**EXERCISE INPUT**.

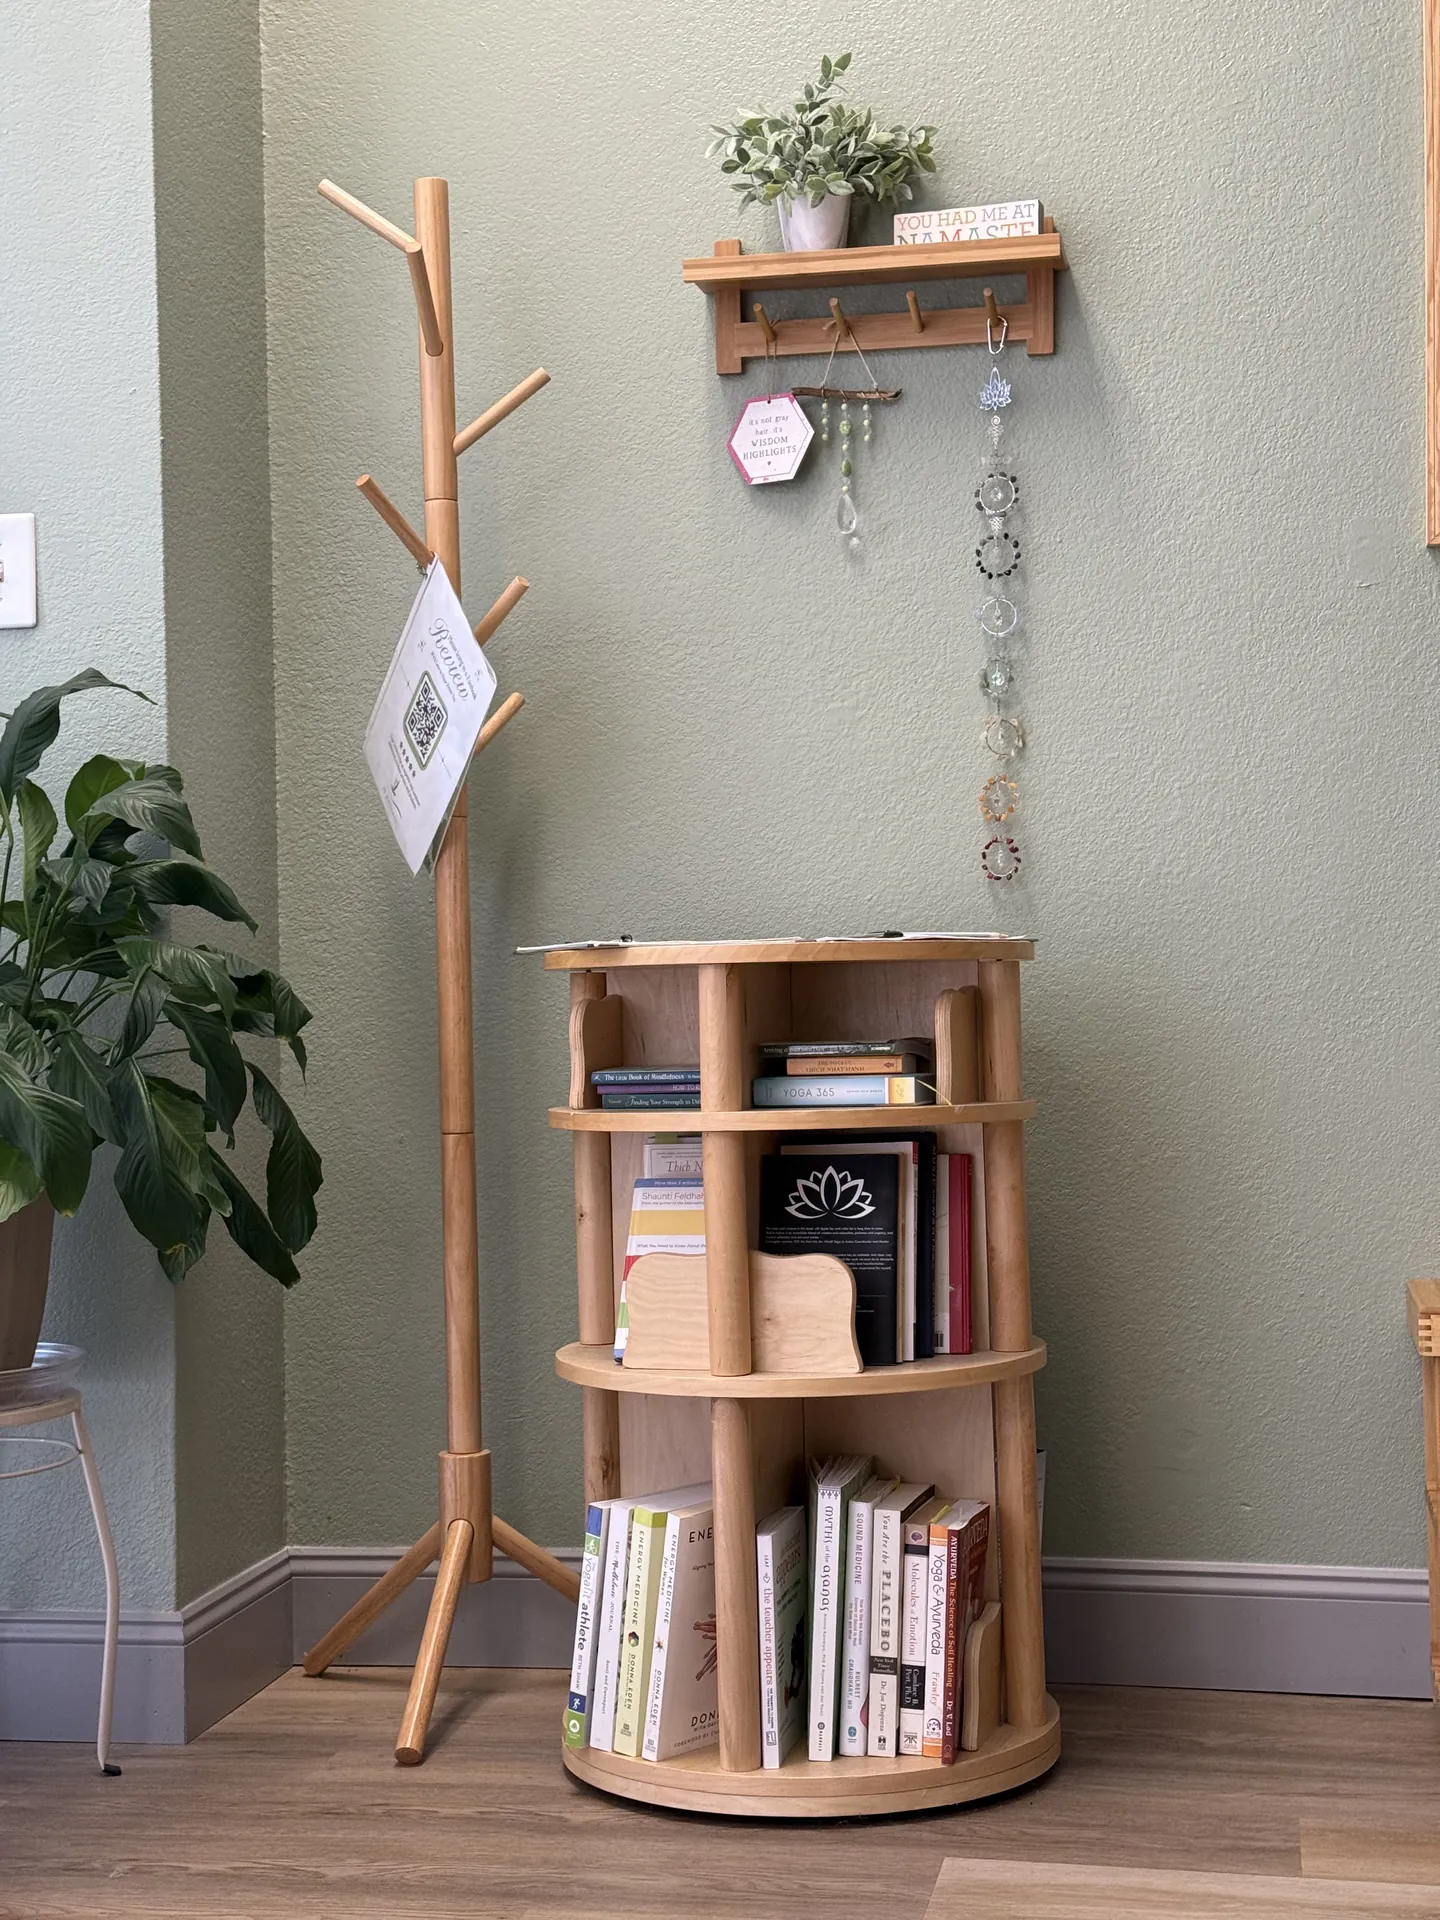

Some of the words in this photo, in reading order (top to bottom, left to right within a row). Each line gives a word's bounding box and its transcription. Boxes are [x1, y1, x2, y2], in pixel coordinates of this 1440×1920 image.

[897, 215, 932, 231] YOU
[937, 211, 976, 227] HAD
[982, 207, 1007, 222] ME
[1012, 204, 1035, 219] AT
[755, 428, 768, 436] hair
[760, 416, 772, 424] not
[775, 415, 789, 424] gray
[743, 445, 797, 460] HIGHLIGHTS
[751, 436, 788, 447] WISDOM
[429, 618, 468, 701] Review
[783, 1088, 813, 1098] YOGA
[816, 1087, 835, 1098] 365
[666, 1160, 691, 1172] Thich
[642, 1192, 672, 1200] Shaunti
[824, 1506, 833, 1544] MYTHS
[856, 1513, 864, 1541] SOUND
[881, 1514, 891, 1531] You
[636, 1530, 645, 1571] ENERGY
[668, 1534, 678, 1573] ENERGY
[882, 1532, 890, 1548] Are
[854, 1544, 863, 1585] MEDICINE
[882, 1551, 890, 1565] the
[931, 1553, 945, 1582] Yoga
[950, 1535, 958, 1580] AYURVEDA
[763, 1588, 772, 1604] the
[820, 1565, 831, 1611] asanas
[910, 1562, 920, 1608] Molecules
[933, 1583, 944, 1596] &
[949, 1581, 957, 1595] The
[631, 1574, 641, 1625] MEDICINE
[663, 1576, 673, 1625] MEDICINE
[881, 1570, 891, 1653] PLACEBO
[948, 1598, 956, 1627] Science
[578, 1602, 591, 1651] athlete
[763, 1606, 773, 1643] teacher
[909, 1616, 919, 1656] Emotion
[931, 1598, 944, 1655] Ayurveda
[948, 1629, 956, 1638] of
[948, 1639, 956, 1655] Self
[628, 1653, 636, 1684] DONNA
[763, 1646, 774, 1685] appears
[904, 1668, 912, 1684] Pert,
[946, 1657, 955, 1688] Healing
[574, 1672, 582, 1690] SHAW
[653, 1670, 662, 1700] DONNA
[904, 1686, 912, 1704] Ph.D.
[911, 1669, 920, 1697] Candace
[929, 1671, 940, 1706] Frawley
[626, 1687, 634, 1710] EDEN
[879, 1691, 887, 1702] Joe
[651, 1703, 659, 1726] EDEN
[878, 1704, 886, 1732] Dispenza
[945, 1721, 953, 1736] Lad
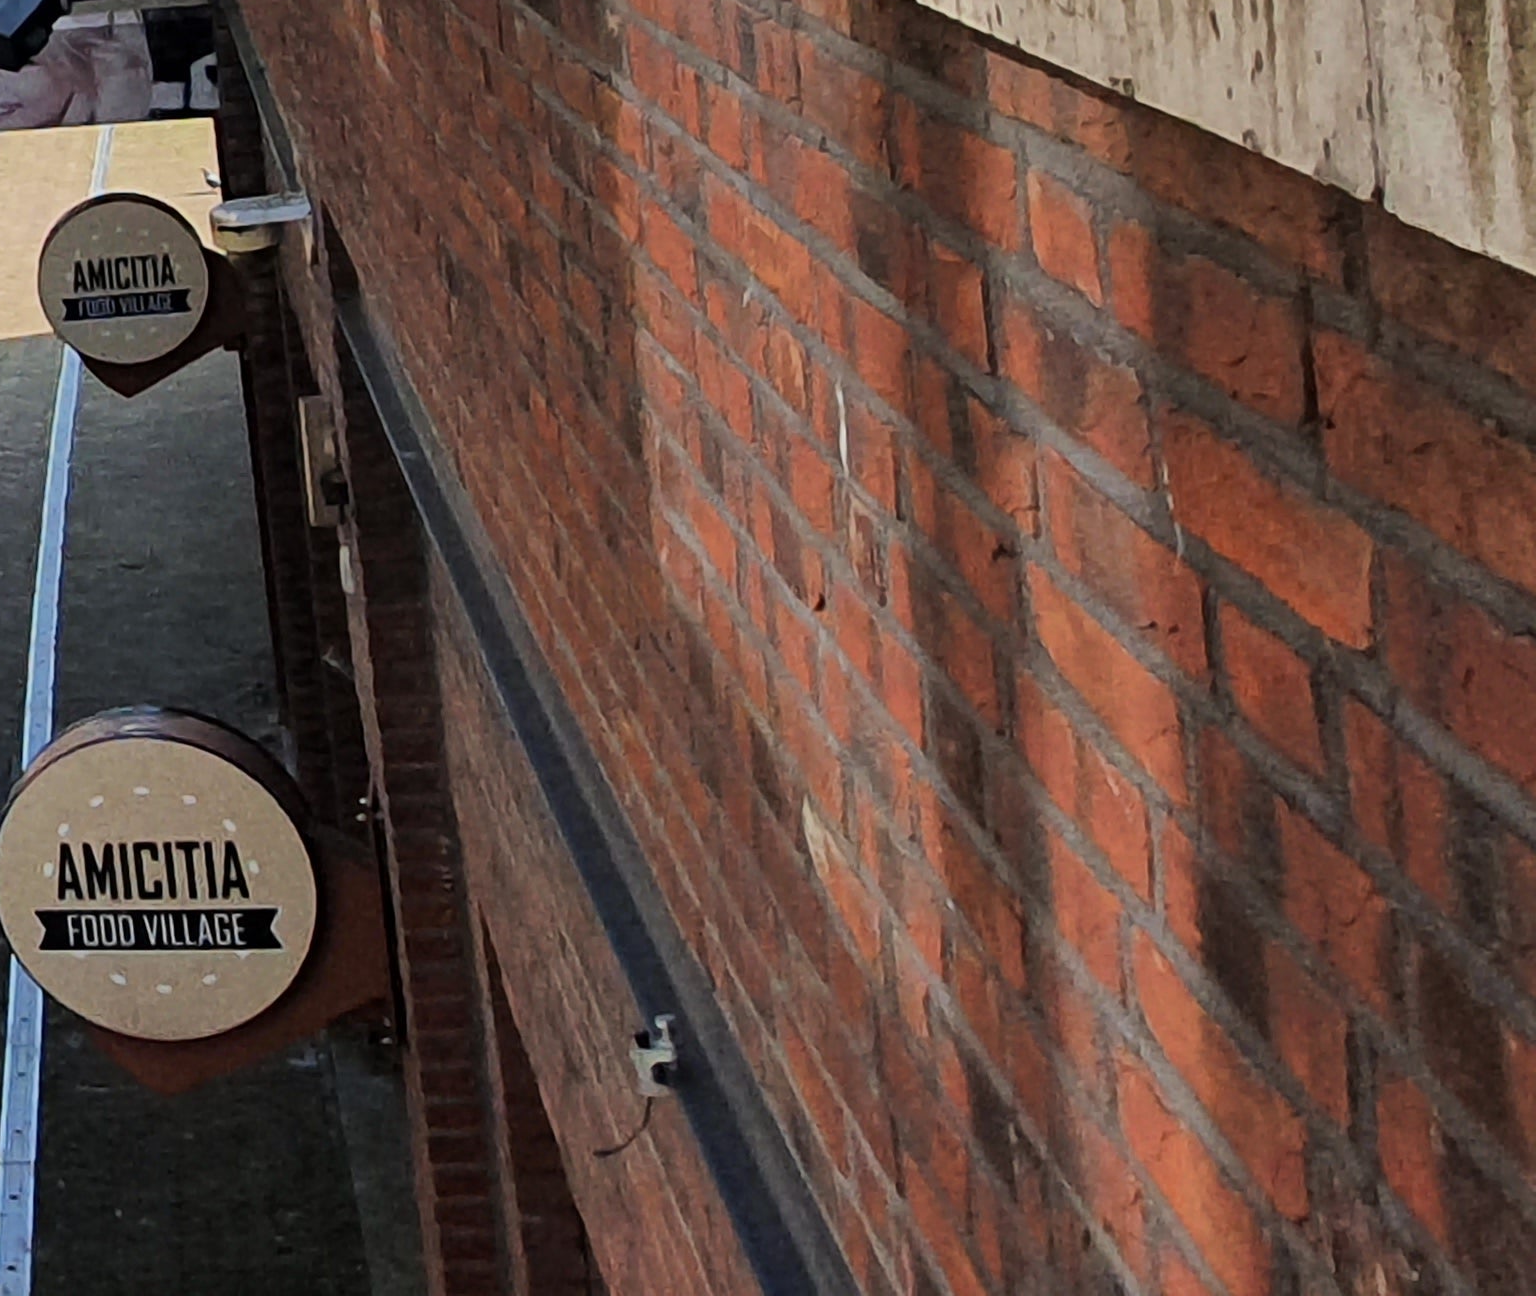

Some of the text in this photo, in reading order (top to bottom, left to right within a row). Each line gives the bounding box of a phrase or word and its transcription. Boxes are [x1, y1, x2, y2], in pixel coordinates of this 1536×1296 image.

[72, 253, 177, 294] AMICITIA
[57, 840, 250, 901] AMICITIA
[66, 912, 248, 947] FOOD VILLAGE

**GOAL OF THE EXERCISE**. From the entries above, output every line exactly and omit any image.

**ANSWER TO THIS TASK**.
Some of the words in this photo, in reading order (top to bottom, left to right within a row). Each line gives a word's bounding box and its transcription. Boxes are [x1, y1, x2, y2], in pixel coordinates of this 1440×1920 image.

[897, 215, 932, 231] YOU
[937, 211, 976, 227] HAD
[982, 207, 1007, 222] ME
[1012, 204, 1035, 219] AT
[755, 428, 768, 436] hair
[760, 416, 772, 424] not
[775, 415, 789, 424] gray
[743, 445, 797, 460] HIGHLIGHTS
[751, 436, 788, 447] WISDOM
[429, 618, 468, 701] Review
[783, 1088, 813, 1098] YOGA
[816, 1087, 835, 1098] 365
[666, 1160, 691, 1172] Thich
[642, 1192, 672, 1200] Shaunti
[824, 1506, 833, 1544] MYTHS
[856, 1513, 864, 1541] SOUND
[881, 1514, 891, 1531] You
[636, 1530, 645, 1571] ENERGY
[668, 1534, 678, 1573] ENERGY
[882, 1532, 890, 1548] Are
[854, 1544, 863, 1585] MEDICINE
[882, 1551, 890, 1565] the
[931, 1553, 945, 1582] Yoga
[950, 1535, 958, 1580] AYURVEDA
[763, 1588, 772, 1604] the
[820, 1565, 831, 1611] asanas
[910, 1562, 920, 1608] Molecules
[933, 1583, 944, 1596] &
[949, 1581, 957, 1595] The
[631, 1574, 641, 1625] MEDICINE
[663, 1576, 673, 1625] MEDICINE
[881, 1570, 891, 1653] PLACEBO
[948, 1598, 956, 1627] Science
[578, 1602, 591, 1651] athlete
[763, 1606, 773, 1643] teacher
[909, 1616, 919, 1656] Emotion
[931, 1598, 944, 1655] Ayurveda
[948, 1629, 956, 1638] of
[948, 1639, 956, 1655] Self
[628, 1653, 636, 1684] DONNA
[763, 1646, 774, 1685] appears
[904, 1668, 912, 1684] Pert,
[946, 1657, 955, 1688] Healing
[574, 1672, 582, 1690] SHAW
[653, 1670, 662, 1700] DONNA
[904, 1686, 912, 1704] Ph.D.
[911, 1669, 920, 1697] Candace
[929, 1671, 940, 1706] Frawley
[626, 1687, 634, 1710] EDEN
[879, 1691, 887, 1702] Joe
[651, 1703, 659, 1726] EDEN
[878, 1704, 886, 1732] Dispenza
[945, 1721, 953, 1736] Lad

Some of the text in this photo, in reading order (top to bottom, left to right within a row). Each line gives the bounding box of a phrase or word and its transcription. Boxes are [x1, y1, x2, y2], in pixel coordinates of this 1536×1296 image.

[72, 253, 177, 294] AMICITIA
[57, 840, 250, 901] AMICITIA
[66, 912, 248, 947] FOOD VILLAGE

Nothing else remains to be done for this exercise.